Assignment: Reproduce each line of the data exactly as it is.

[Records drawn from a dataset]
- - -

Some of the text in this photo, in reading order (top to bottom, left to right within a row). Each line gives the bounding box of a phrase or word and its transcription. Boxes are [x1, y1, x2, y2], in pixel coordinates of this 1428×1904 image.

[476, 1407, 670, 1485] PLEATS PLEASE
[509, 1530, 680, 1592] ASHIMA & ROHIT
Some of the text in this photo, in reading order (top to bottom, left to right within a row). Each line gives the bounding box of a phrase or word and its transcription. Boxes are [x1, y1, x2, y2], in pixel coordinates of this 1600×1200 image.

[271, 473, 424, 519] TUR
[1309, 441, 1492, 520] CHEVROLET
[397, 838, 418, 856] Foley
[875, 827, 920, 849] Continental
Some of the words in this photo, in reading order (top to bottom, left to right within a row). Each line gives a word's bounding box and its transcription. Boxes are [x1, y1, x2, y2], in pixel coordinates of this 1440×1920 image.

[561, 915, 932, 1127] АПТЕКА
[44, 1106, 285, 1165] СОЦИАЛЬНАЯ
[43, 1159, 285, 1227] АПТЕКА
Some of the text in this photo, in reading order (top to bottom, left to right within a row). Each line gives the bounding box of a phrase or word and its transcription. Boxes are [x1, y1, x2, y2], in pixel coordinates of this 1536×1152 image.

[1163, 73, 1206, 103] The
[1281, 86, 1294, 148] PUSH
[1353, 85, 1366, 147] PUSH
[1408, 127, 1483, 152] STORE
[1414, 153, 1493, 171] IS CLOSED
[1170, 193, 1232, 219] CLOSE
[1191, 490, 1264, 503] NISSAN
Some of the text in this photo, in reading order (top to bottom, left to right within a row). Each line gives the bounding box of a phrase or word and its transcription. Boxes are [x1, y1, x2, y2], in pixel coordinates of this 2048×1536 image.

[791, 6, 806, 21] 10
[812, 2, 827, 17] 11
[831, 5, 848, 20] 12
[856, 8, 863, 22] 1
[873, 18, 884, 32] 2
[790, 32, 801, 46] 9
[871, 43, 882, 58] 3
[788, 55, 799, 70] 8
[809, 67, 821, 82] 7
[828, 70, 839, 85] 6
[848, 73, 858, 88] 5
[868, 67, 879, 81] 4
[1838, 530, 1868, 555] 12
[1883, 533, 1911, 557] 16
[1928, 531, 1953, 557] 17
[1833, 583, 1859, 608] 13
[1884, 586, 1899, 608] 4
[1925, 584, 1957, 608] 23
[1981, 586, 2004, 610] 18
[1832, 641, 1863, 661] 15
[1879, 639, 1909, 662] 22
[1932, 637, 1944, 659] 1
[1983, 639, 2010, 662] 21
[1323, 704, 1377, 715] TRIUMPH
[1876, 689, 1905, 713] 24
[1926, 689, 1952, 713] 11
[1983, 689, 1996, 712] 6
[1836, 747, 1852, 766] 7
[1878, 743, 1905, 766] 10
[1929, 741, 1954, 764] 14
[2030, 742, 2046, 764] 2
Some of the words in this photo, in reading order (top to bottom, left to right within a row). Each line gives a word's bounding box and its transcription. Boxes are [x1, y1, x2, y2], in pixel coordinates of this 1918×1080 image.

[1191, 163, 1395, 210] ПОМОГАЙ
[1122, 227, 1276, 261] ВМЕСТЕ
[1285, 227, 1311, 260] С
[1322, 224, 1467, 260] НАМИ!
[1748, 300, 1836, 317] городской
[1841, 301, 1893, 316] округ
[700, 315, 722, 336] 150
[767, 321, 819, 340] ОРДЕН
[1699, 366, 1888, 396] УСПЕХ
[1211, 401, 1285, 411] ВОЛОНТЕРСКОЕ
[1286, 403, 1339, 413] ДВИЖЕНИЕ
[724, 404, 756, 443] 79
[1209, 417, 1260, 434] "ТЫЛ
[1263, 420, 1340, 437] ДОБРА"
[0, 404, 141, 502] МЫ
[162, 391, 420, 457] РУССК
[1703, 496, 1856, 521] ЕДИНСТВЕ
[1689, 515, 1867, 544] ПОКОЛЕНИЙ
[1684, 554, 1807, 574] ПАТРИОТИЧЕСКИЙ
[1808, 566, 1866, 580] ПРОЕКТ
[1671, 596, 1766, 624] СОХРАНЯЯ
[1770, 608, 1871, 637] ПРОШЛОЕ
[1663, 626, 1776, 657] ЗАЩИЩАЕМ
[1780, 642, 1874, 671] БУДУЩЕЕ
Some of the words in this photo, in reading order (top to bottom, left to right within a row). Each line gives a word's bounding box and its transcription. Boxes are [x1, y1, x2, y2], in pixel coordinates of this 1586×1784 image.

- - -

Answer box:
Some of the text in this photo, in reading order (top to bottom, left to right within a row). Each line gives the bounding box of a phrase or word and its transcription. Boxes are [x1, y1, x2, y2], in pixel coordinates of this 1428×1904 image.

[476, 1407, 670, 1485] PLEATS PLEASE
[509, 1530, 680, 1592] ASHIMA & ROHIT
Some of the text in this photo, in reading order (top to bottom, left to right within a row). Each line gives the bounding box of a phrase or word and its transcription. Boxes are [x1, y1, x2, y2], in pixel coordinates of this 1600×1200 image.

[271, 473, 424, 519] TUR
[1309, 441, 1492, 520] CHEVROLET
[397, 838, 418, 856] Foley
[875, 827, 920, 849] Continental
Some of the words in this photo, in reading order (top to bottom, left to right within a row). Each line gives a word's bounding box and its transcription. Boxes are [x1, y1, x2, y2], in pixel coordinates of this 1440×1920 image.

[561, 915, 932, 1127] АПТЕКА
[44, 1106, 285, 1165] СОЦИАЛЬНАЯ
[43, 1159, 285, 1227] АПТЕКА
Some of the text in this photo, in reading order (top to bottom, left to right within a row). Each line gives the bounding box of a phrase or word and its transcription. Boxes are [x1, y1, x2, y2], in pixel coordinates of this 1536×1152 image.

[1163, 73, 1206, 103] The
[1281, 86, 1294, 148] PUSH
[1353, 85, 1366, 147] PUSH
[1408, 127, 1483, 152] STORE
[1414, 153, 1493, 171] IS CLOSED
[1170, 193, 1232, 219] CLOSE
[1191, 490, 1264, 503] NISSAN
Some of the text in this photo, in reading order (top to bottom, left to right within a row). Each line gives the bounding box of a phrase or word and its transcription. Boxes are [x1, y1, x2, y2], in pixel coordinates of this 2048×1536 image.

[791, 6, 806, 21] 10
[812, 2, 827, 17] 11
[831, 5, 848, 20] 12
[856, 8, 863, 22] 1
[873, 18, 884, 32] 2
[790, 32, 801, 46] 9
[871, 43, 882, 58] 3
[788, 55, 799, 70] 8
[809, 67, 821, 82] 7
[828, 70, 839, 85] 6
[848, 73, 858, 88] 5
[868, 67, 879, 81] 4
[1838, 530, 1868, 555] 12
[1883, 533, 1911, 557] 16
[1928, 531, 1953, 557] 17
[1833, 583, 1859, 608] 13
[1884, 586, 1899, 608] 4
[1925, 584, 1957, 608] 23
[1981, 586, 2004, 610] 18
[1832, 641, 1863, 661] 15
[1879, 639, 1909, 662] 22
[1932, 637, 1944, 659] 1
[1983, 639, 2010, 662] 21
[1323, 704, 1377, 715] TRIUMPH
[1876, 689, 1905, 713] 24
[1926, 689, 1952, 713] 11
[1983, 689, 1996, 712] 6
[1836, 747, 1852, 766] 7
[1878, 743, 1905, 766] 10
[1929, 741, 1954, 764] 14
[2030, 742, 2046, 764] 2
Some of the words in this photo, in reading order (top to bottom, left to right within a row). Each line gives a word's bounding box and its transcription. Boxes are [x1, y1, x2, y2], in pixel coordinates of this 1918×1080 image.

[1191, 163, 1395, 210] ПОМОГАЙ
[1122, 227, 1276, 261] ВМЕСТЕ
[1285, 227, 1311, 260] С
[1322, 224, 1467, 260] НАМИ!
[1748, 300, 1836, 317] городской
[1841, 301, 1893, 316] округ
[700, 315, 722, 336] 150
[767, 321, 819, 340] ОРДЕН
[1699, 366, 1888, 396] УСПЕХ
[1211, 401, 1285, 411] ВОЛОНТЕРСКОЕ
[1286, 403, 1339, 413] ДВИЖЕНИЕ
[724, 404, 756, 443] 79
[1209, 417, 1260, 434] "ТЫЛ
[1263, 420, 1340, 437] ДОБРА"
[0, 404, 141, 502] МЫ
[162, 391, 420, 457] РУССК
[1703, 496, 1856, 521] ЕДИНСТВЕ
[1689, 515, 1867, 544] ПОКОЛЕНИЙ
[1684, 554, 1807, 574] ПАТРИОТИЧЕСКИЙ
[1808, 566, 1866, 580] ПРОЕКТ
[1671, 596, 1766, 624] СОХРАНЯЯ
[1770, 608, 1871, 637] ПРОШЛОЕ
[1663, 626, 1776, 657] ЗАЩИЩАЕМ
[1780, 642, 1874, 671] БУДУЩЕЕ
Some of the words in this photo, in reading order (top to bottom, left to right within a row). Each line gives a word's bounding box and its transcription. Boxes are [x1, y1, x2, y2], in pixel coordinates of this 1586×1784 image.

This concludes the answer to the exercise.